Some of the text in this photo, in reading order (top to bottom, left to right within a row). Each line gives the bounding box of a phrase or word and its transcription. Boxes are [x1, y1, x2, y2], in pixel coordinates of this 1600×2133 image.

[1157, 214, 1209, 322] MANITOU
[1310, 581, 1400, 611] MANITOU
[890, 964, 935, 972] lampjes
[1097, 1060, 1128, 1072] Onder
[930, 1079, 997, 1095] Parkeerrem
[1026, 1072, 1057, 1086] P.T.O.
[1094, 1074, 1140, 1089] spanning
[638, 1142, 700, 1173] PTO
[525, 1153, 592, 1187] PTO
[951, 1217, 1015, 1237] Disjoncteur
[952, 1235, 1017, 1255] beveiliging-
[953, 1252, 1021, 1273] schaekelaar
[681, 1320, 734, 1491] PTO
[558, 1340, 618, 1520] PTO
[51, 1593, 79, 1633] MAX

▸ **Instructions for the task**: Transcribe all of the data exactly, leaving no line out.

▸ **Task output**:
Some of the text in this photo, in reading order (top to bottom, left to right within a row). Each line gives the bounding box of a phrase or word and its transcription. Boxes are [x1, y1, x2, y2], in pixel coordinates of this 1600×2133 image.

[1157, 214, 1209, 322] MANITOU
[1310, 581, 1400, 611] MANITOU
[890, 964, 935, 972] lampjes
[1097, 1060, 1128, 1072] Onder
[930, 1079, 997, 1095] Parkeerrem
[1026, 1072, 1057, 1086] P.T.O.
[1094, 1074, 1140, 1089] spanning
[638, 1142, 700, 1173] PTO
[525, 1153, 592, 1187] PTO
[951, 1217, 1015, 1237] Disjoncteur
[952, 1235, 1017, 1255] beveiliging-
[953, 1252, 1021, 1273] schaekelaar
[681, 1320, 734, 1491] PTO
[558, 1340, 618, 1520] PTO
[51, 1593, 79, 1633] MAX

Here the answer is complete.